Horror recreated at South Portland film studio

By Jack Flagler
Staff Writer

SOUTH PORTLAND – Over the course of a mostly gloomy, dark, rainy and ominous Memorial Day weekend, South Portland film director Corey Norman and the cast and crew of “The Hanover House” finished shooting the final scenes of the horror movie scheduled for release this fall.

As they did, Eric Matheson, co-owner of Fore River Sound Stage in South Portland, looked on from the set he built to recreate the house that is allegedly haunted and served as the crew’s location for the first 11 days of production this winter.

Matheson, Norman and the almost entirely local team of actors and crew members on “The Hanover House” are the sort of film industry workers Rep. Scott Hamann (D-District 123) is hoping to help find work on productions with larger budgets.

Hamann proposed a bill that recently passed through the Maine Legislature’s Joint Standing Committee on Taxation, LD 1409, that would offer tax incentives to filmmakers who come to Maine, thus providing work for what Hamann called the “very qualified” group of film industry talent in the state, and providing a boost to the local economy.

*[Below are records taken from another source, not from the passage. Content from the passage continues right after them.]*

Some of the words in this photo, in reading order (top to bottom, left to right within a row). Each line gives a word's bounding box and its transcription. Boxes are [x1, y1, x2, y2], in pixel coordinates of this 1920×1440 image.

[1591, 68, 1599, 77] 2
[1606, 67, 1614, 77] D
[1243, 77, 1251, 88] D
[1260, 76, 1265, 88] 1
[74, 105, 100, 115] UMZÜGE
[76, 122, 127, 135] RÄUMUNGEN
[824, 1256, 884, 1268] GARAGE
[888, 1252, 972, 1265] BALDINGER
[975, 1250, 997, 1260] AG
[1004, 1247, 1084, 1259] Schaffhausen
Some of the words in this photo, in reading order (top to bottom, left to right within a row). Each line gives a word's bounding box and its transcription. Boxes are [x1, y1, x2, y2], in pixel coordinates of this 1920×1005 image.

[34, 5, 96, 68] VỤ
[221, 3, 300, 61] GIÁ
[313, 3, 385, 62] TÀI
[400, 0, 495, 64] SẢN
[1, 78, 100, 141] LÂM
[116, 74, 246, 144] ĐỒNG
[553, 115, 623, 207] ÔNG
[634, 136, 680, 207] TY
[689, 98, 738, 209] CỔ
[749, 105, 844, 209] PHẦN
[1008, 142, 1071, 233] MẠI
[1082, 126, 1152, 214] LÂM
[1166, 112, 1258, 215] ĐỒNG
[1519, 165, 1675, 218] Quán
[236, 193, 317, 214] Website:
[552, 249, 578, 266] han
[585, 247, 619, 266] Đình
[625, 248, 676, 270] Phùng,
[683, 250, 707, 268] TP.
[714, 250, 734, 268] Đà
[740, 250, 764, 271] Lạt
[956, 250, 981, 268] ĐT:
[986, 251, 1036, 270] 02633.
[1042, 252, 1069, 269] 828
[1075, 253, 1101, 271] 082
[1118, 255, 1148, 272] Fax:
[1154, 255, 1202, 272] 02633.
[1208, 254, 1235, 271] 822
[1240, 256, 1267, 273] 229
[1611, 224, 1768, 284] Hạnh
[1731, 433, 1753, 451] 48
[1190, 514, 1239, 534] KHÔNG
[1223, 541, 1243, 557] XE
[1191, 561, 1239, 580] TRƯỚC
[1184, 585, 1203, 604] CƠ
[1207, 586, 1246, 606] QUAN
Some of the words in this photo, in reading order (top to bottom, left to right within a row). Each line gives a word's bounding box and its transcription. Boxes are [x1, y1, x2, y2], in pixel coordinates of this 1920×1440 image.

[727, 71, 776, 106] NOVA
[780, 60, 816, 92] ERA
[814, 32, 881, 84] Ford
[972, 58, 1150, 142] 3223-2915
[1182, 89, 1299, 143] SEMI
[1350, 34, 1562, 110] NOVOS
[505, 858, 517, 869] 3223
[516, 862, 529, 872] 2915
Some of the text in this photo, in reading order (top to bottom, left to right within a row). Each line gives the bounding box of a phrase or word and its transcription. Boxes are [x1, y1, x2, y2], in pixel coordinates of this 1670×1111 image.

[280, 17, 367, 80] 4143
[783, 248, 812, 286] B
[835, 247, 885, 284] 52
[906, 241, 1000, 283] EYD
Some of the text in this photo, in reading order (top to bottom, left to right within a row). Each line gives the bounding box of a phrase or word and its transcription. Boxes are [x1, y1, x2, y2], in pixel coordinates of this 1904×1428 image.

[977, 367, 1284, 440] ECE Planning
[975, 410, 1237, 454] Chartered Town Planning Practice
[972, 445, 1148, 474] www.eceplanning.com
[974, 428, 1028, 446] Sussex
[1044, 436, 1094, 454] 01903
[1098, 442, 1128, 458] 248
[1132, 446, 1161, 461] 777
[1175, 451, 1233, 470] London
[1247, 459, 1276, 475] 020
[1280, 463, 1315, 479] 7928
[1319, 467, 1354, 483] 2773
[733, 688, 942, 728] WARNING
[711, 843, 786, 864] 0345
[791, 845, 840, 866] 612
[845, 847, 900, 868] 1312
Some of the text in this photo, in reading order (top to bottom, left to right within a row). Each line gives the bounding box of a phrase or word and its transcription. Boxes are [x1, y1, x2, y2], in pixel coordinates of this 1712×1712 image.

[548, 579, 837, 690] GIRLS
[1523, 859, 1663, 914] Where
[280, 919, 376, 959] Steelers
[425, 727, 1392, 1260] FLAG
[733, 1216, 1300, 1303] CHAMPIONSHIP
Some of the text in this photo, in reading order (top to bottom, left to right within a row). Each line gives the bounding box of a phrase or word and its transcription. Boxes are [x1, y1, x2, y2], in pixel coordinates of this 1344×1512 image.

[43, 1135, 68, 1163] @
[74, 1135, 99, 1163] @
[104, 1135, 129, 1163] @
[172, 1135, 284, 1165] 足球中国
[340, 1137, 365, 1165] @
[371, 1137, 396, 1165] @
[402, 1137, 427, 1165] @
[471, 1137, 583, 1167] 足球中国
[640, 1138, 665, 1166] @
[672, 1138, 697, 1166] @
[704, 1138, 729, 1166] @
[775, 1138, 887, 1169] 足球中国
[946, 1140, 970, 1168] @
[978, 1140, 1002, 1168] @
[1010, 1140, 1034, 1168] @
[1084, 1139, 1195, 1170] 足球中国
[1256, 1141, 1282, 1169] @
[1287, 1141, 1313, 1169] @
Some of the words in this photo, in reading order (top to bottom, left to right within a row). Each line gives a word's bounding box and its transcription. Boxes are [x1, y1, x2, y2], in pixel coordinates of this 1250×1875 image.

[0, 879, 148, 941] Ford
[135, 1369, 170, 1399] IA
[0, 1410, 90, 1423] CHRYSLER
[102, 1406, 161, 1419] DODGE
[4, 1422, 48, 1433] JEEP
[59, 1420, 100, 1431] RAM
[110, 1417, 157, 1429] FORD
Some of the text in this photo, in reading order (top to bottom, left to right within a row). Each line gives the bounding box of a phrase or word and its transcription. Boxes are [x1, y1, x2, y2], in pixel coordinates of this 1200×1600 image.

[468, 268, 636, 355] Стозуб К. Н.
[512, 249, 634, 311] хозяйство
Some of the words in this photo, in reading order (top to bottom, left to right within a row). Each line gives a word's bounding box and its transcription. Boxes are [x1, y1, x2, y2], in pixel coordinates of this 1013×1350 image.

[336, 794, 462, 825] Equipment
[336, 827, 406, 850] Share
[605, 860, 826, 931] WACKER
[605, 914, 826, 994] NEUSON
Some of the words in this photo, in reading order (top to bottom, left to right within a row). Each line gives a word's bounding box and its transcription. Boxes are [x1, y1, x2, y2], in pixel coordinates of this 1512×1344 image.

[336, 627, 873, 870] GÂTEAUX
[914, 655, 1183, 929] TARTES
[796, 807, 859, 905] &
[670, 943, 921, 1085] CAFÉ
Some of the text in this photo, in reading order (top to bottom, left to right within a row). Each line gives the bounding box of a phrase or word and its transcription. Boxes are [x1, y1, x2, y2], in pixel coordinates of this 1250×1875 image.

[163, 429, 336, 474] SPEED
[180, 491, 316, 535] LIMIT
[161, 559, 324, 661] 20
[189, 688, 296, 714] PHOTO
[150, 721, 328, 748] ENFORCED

The bill would provide the incentive for films with a budget more than $1 million, much higher than the budget for “The Hanover House,” but Norman said the horror film has gained plenty of traction online without an expensive marketing campaign. The film’s website, he said, has gathered hundreds of thousands of hits, and the film has been shared through social media by Neil Gaiman, author of the comic book series “The Sandman.”

“The Hanover House” is the first feature film directed by Norman, chairman of the communications and new media department at Southern Maine Community College. It tells the story of Robert Foster, a troubled protagonist who travels home for his father’s funeral.

After getting into an altercation with his mother, Foster gets in a car accident on his way out, running over a young girl in the street. He brings the girl to a nearby farmhouse, where his dead father answers the door. From there, Norman said the main character “battles his inner demons” in the house, personified in scenes of horror.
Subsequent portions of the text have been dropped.